■ **What this task involves**
Starting at the line with "Some of the words" and stopping at the final line, retype the data below exactly; do not carry over any pictures.
'''
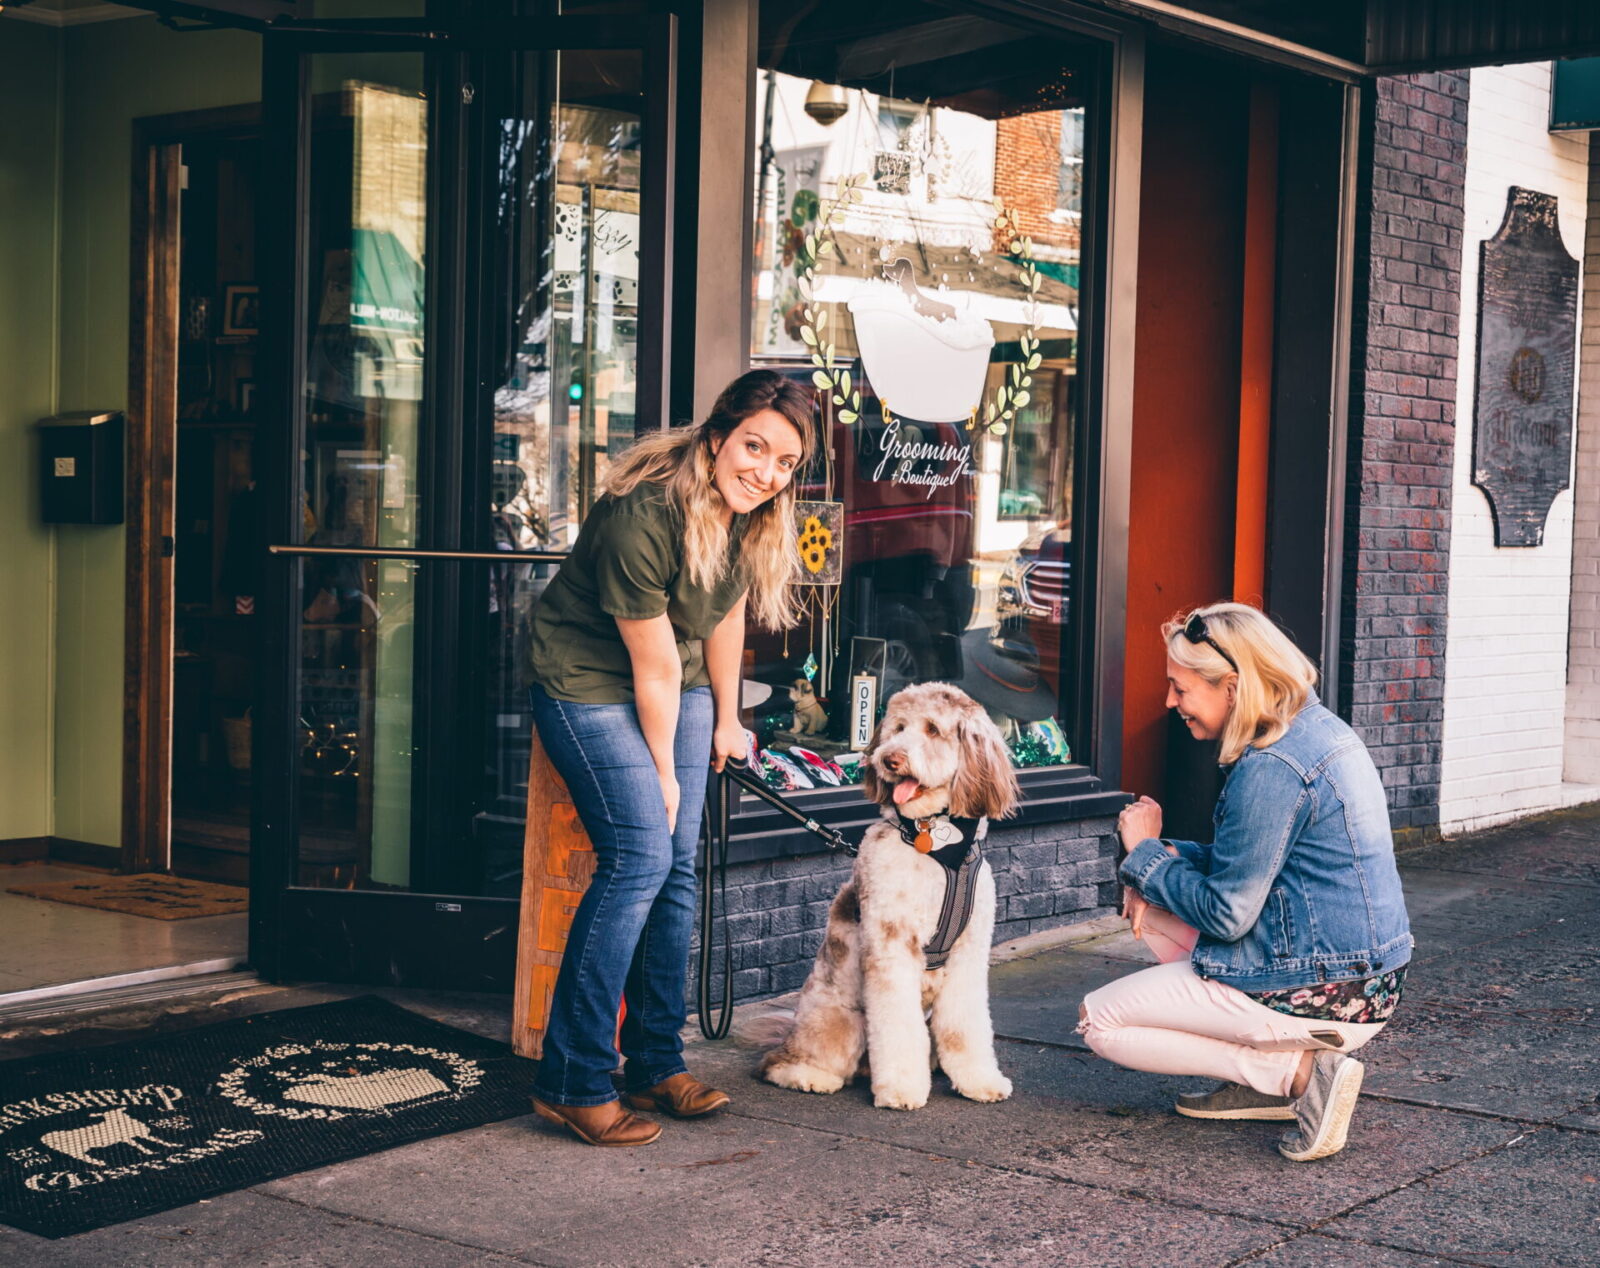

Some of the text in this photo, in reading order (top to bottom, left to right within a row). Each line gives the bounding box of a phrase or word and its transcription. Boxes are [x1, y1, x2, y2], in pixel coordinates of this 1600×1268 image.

[873, 418, 970, 485] Grooming
[899, 460, 950, 500] Boutique
[858, 686, 869, 742] OPEN
[527, 757, 594, 1030] PEN
[45, 1084, 184, 1112] SHEEP
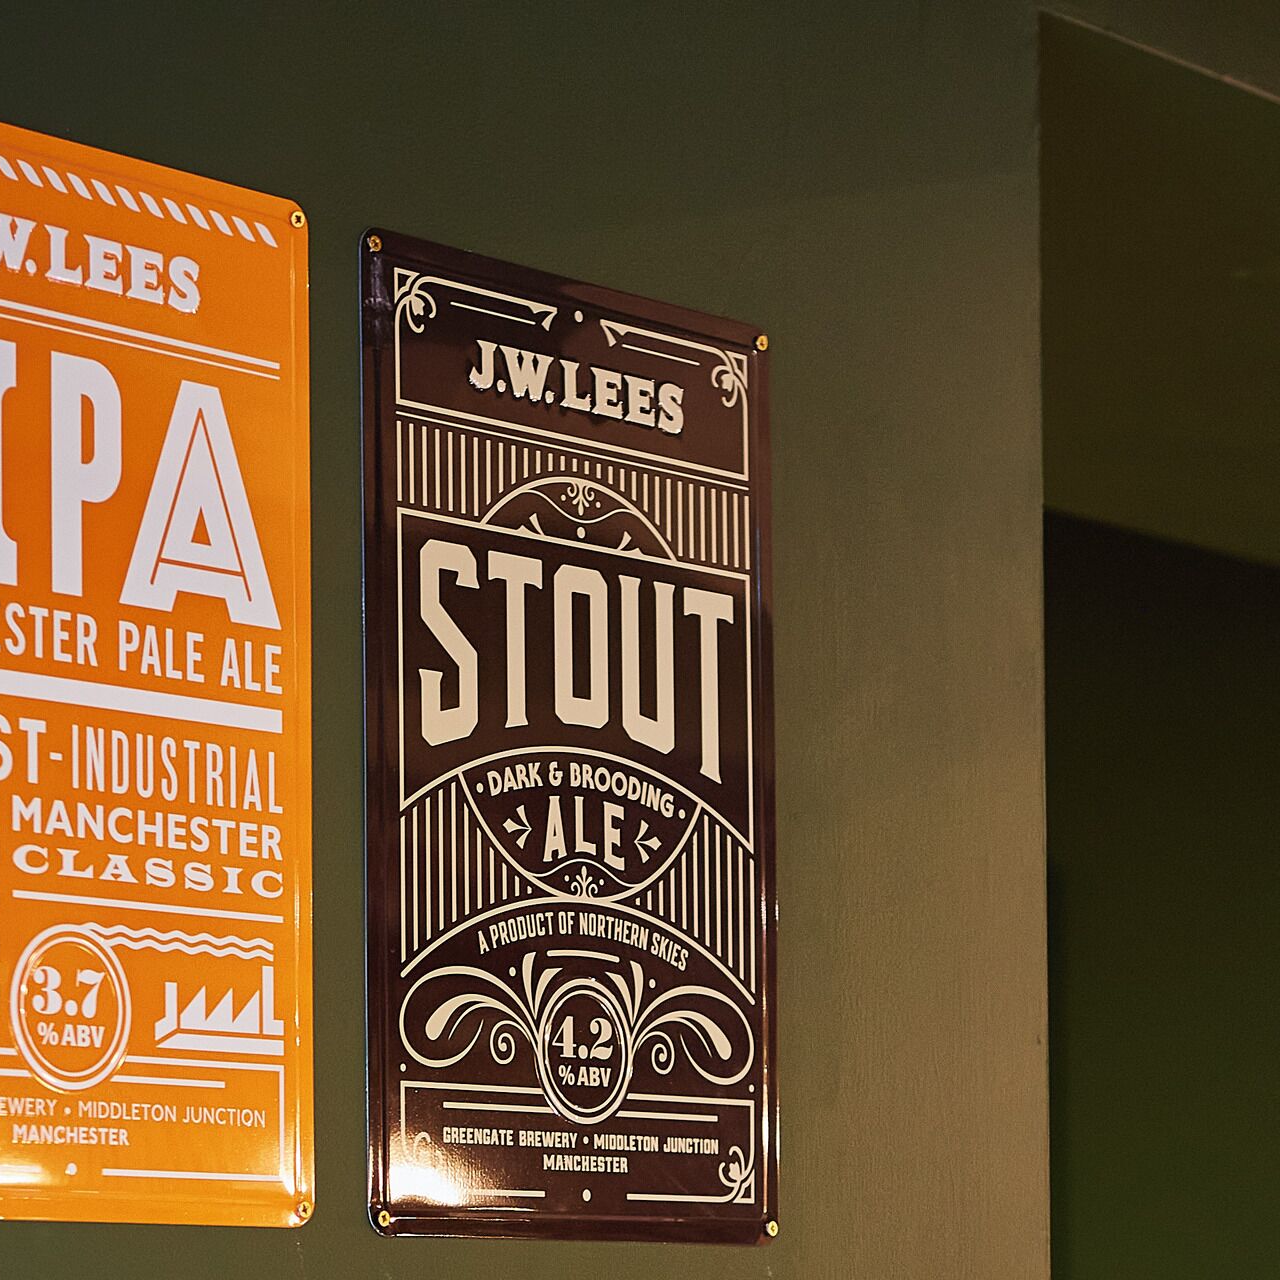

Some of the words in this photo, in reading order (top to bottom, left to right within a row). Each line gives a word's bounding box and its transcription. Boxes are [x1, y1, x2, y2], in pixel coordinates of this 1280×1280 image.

[469, 339, 684, 435] J.W.LEES
[118, 621, 206, 683] PALE
[221, 640, 283, 695] ALE
[419, 538, 735, 784] STOUT
[487, 762, 542, 796] DARK
[548, 763, 563, 786] &
[569, 762, 676, 818] BROODING
[11, 795, 283, 861] MANCHESTER
[543, 796, 626, 871] ALE
[12, 844, 284, 898] CLASSIC
[477, 930, 489, 954] A
[491, 912, 554, 946] PRODUCT
[558, 911, 574, 935] OF
[579, 911, 650, 952] NORTHERN
[650, 932, 689, 971] SKIES
[32, 965, 107, 1018] 3.7
[552, 1015, 615, 1060] 4.2
[12, 1125, 130, 1147] MANCHESTER
[78, 1100, 177, 1123] MIDDLETON
[181, 1105, 266, 1128] JUNCTION
[442, 1126, 514, 1147] GREENGATE
[519, 1130, 578, 1149] BREWERY
[593, 1134, 659, 1152] MIDDLETON
[663, 1136, 719, 1155] JUNCTION
[543, 1154, 628, 1173] MANCHESTER
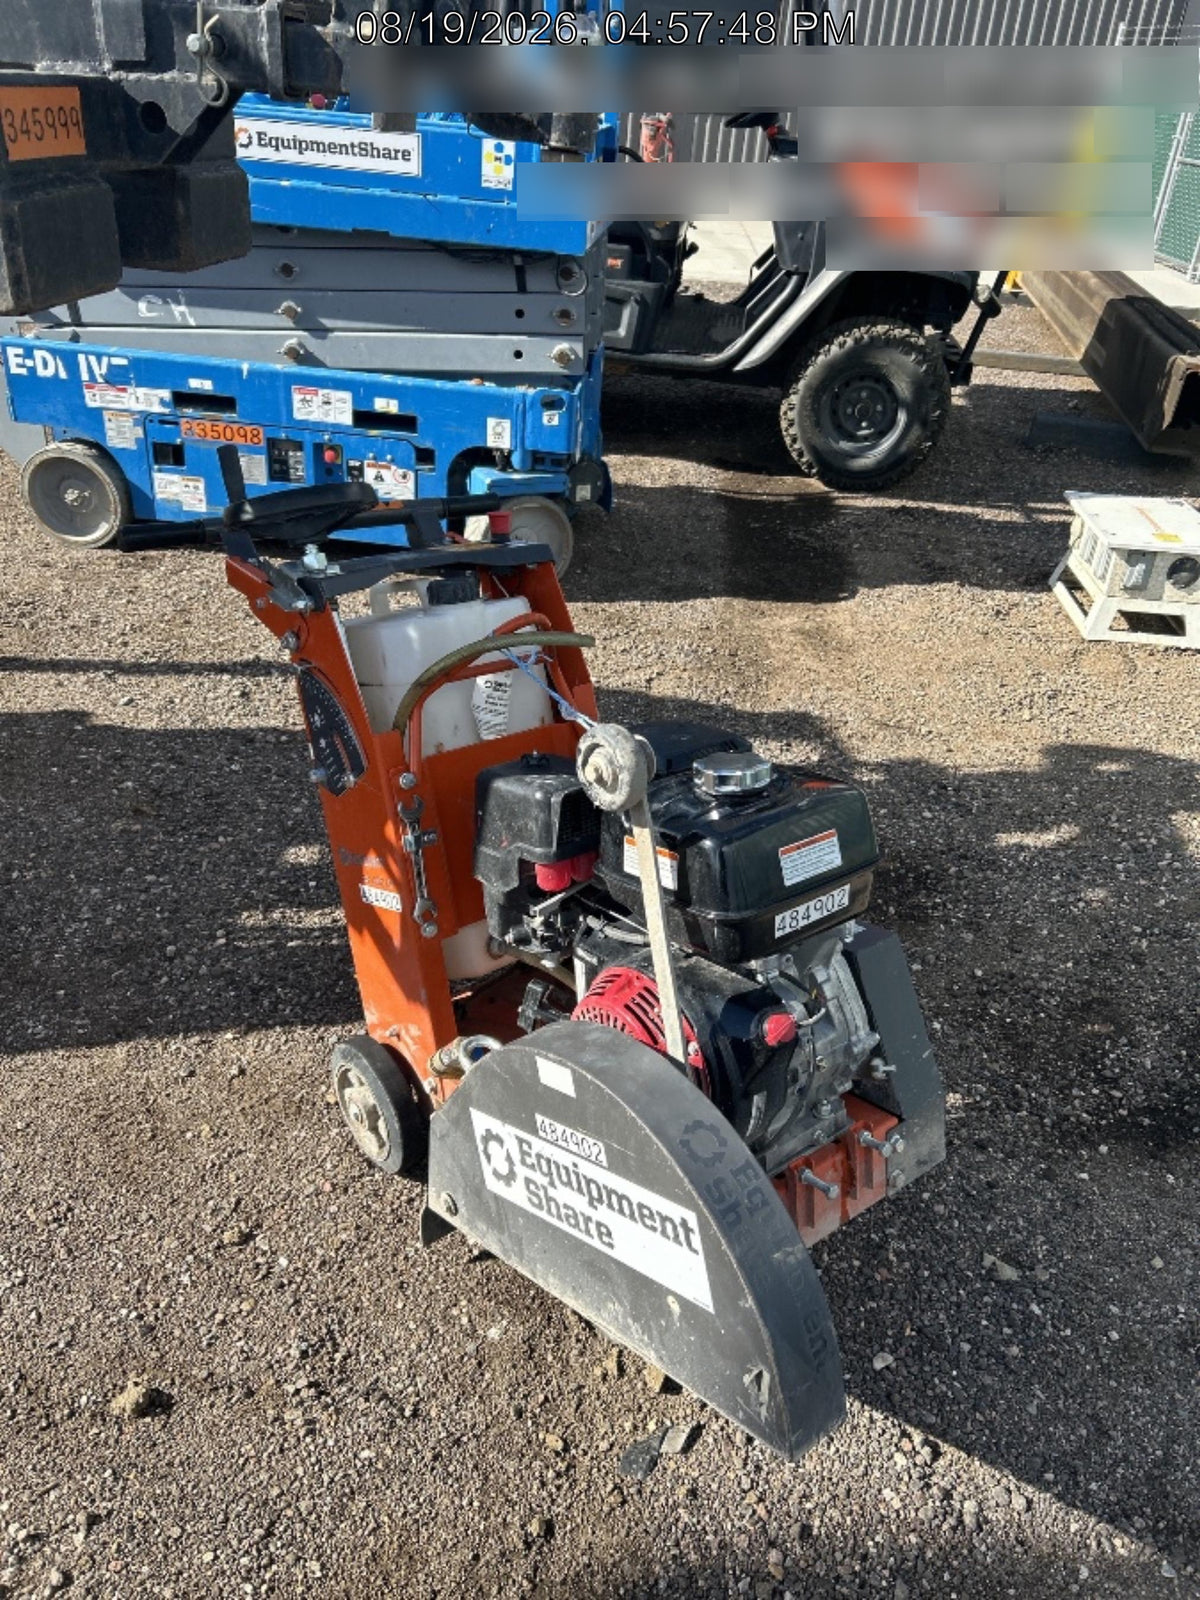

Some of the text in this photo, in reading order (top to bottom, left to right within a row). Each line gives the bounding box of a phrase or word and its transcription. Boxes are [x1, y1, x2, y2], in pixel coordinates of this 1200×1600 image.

[4, 106, 82, 144] 345999
[255, 131, 412, 162] EquipmentShare
[6, 346, 128, 382] E-DIV
[776, 888, 847, 931] 484902
[538, 1118, 604, 1164] 484902
[513, 1133, 700, 1255] Equipment
[523, 1178, 615, 1250] Share
'''
■ **Output for this exercise**
Some of the words in this photo, in reading order (top to bottom, left to right within a row). Each line gives a word's bounding box and its transcription. Boxes are [x1, y1, x2, y2], in pixel coordinates of this 1280×1280 image.

[469, 339, 684, 435] J.W.LEES
[118, 621, 206, 683] PALE
[221, 640, 283, 695] ALE
[419, 538, 735, 784] STOUT
[487, 762, 542, 796] DARK
[548, 763, 563, 786] &
[569, 762, 676, 818] BROODING
[11, 795, 283, 861] MANCHESTER
[543, 796, 626, 871] ALE
[12, 844, 284, 898] CLASSIC
[477, 930, 489, 954] A
[491, 912, 554, 946] PRODUCT
[558, 911, 574, 935] OF
[579, 911, 650, 952] NORTHERN
[650, 932, 689, 971] SKIES
[32, 965, 107, 1018] 3.7
[552, 1015, 615, 1060] 4.2
[12, 1125, 130, 1147] MANCHESTER
[78, 1100, 177, 1123] MIDDLETON
[181, 1105, 266, 1128] JUNCTION
[442, 1126, 514, 1147] GREENGATE
[519, 1130, 578, 1149] BREWERY
[593, 1134, 659, 1152] MIDDLETON
[663, 1136, 719, 1155] JUNCTION
[543, 1154, 628, 1173] MANCHESTER

Some of the text in this photo, in reading order (top to bottom, left to right within a row). Each line gives the bounding box of a phrase or word and its transcription. Boxes are [x1, y1, x2, y2], in pixel coordinates of this 1200×1600 image.

[4, 106, 82, 144] 345999
[255, 131, 412, 162] EquipmentShare
[6, 346, 128, 382] E-DIV
[776, 888, 847, 931] 484902
[538, 1118, 604, 1164] 484902
[513, 1133, 700, 1255] Equipment
[523, 1178, 615, 1250] Share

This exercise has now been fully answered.